Only, one of those cliques isn’t pleased with him. The police found the aftermath of the zombie slaughter. The Coalition want Joe to clear up the loose ends and they’re vampyres who aren’t used to being refused. In this world, the undead are drawn from a broad range of the modern under-classes and counter-cultures. Just because they become vampyres, they don’t stop being gangsters, gangstas, bikers, anarchists, communists, or radical feminists. There are even devotees of an unnerving sort of Zen vampirism. Joe’s not interested. He tries to stay on good terms with all these groups if he can. If he can’t, well, he’ll fight back as best he can. He may be a vampyre but he’s not stupid.

It soon becomes apparent he’s going to need all his wits about him when he’s unwillingly forced into a hunt for a missing girl. She’s a ‘camper’, a rich girl from the suburbs who comes slumming with the homeless for kicks. Only, her parents know the truth about the undead and could cause no end of trouble. So if Joe doesn’t find her, the Coalition are going to be very unhappy. As it turns out, an awful lot of people end up unhappy, dead or both. Because Joe isn’t stupid and he soon realizes there’s far more to this than he’s being told.

This is vampire-noir with a vengeance, with echoes of crime fiction from Philip Marlowe to NYPD Blue in the imagery and argot. The vampyre subculture is convincing and compelling, with its own jargon, drawn equally from Dracula novels, horror films and the real-life crimes of deluded wannabes. The cityscape of Manhattan’s underbelly is authentically claustrophobic and menacing, peopled by outcasts and sub-humans, only some of whom are actually dead. In many supernatural thrillers, the outcasts are the misunderstood heroes while the supposedly normal people are the true villains. Here, pretty much everyone’s a monster.

Does this sound like a fun read so far? Well it’s not for the faint-hearted. But if you’re in a robust frame of mind, the pace is rapid, the dialogue snappy and the puzzles challenging. Characters and scene setting alike are hard-edged and vividly colored. There’s black humour threaded all through the story from the very outset. Need to get rid of a zombie? Fill its pockets with stones and push it off a bridge. Consider the fate of a vegan turned vampyre. How does he find a substitute for blood?

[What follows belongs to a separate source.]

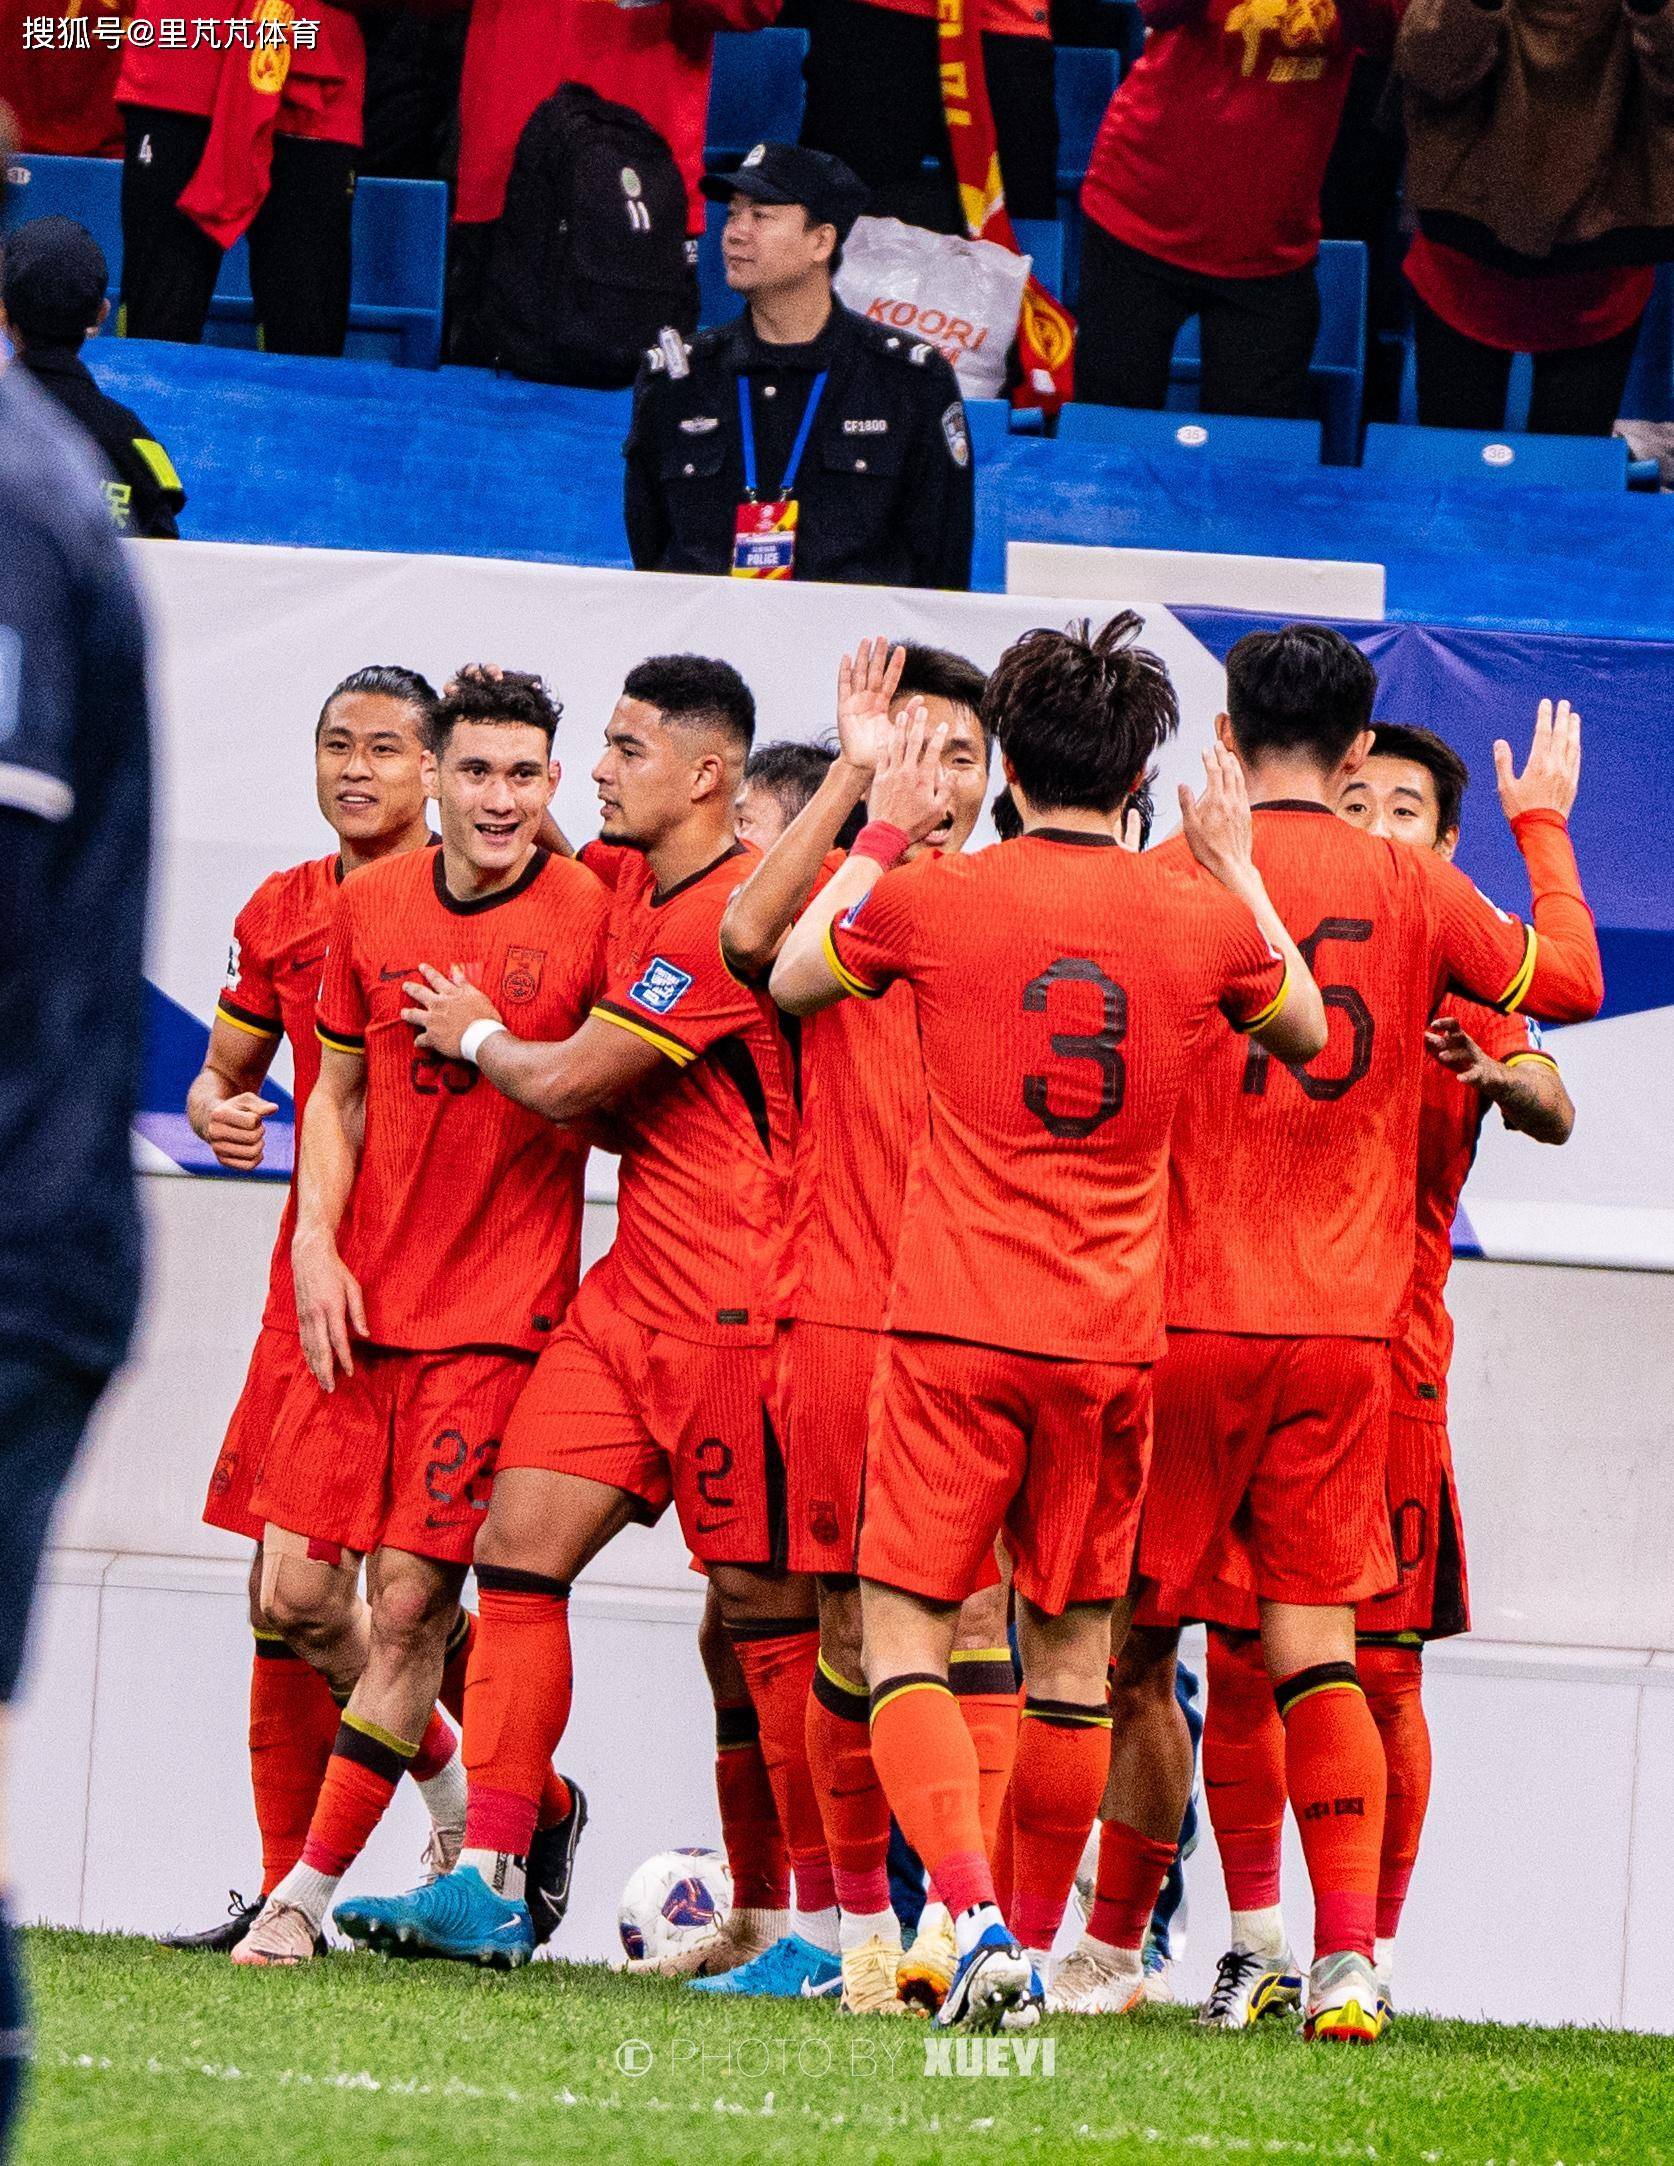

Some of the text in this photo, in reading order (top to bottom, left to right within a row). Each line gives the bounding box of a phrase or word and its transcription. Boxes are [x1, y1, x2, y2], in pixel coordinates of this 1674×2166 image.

Joe is an increasingly interesting protagonist. He’s amoral and offers no apology for it. But he sits up late at night to watch old movies by Billy Wilder and Howard Hawks. He has a girlfriend. She doesn’t know what he is but since she’s HIV-positive and refuses to have sex with anyone, he doesn’t have to worry about infecting her with his own vyrus. However, he does have to live with the knowledge that the vyrus would save her from Aids, at the price of her becoming like him. So he is a kind of hero, albeit a tarnished and tawdry one.

As the pace gets still faster, with questions answered only to throw up new puzzles, it’s impossible not to become involved in Joe’s fate. There’s gore aplenty but Charlie Huston has a fine instinct for that line between exploitation and exploration and doesn’t stumble. Most intriguing of all, in a story where the crass realities of lust and greed drive so much of the action, it may just be that the Zen vampyres are on to something of vital significance for Joe. Oh, and for the girl he’s trying to save.

If you’re feeling you’re in any kind of rut with your vampire-thriller reading, this will shake you right out of it. You may want to go straight back to cozier blood-suckers but if you do, you’ll look at them with fresh eyes and that’s got to be a good thing. I shall keep a look out for Charlie Huston’s next book, and mark it down for reading, when I’m in that suitably robust frame of mind.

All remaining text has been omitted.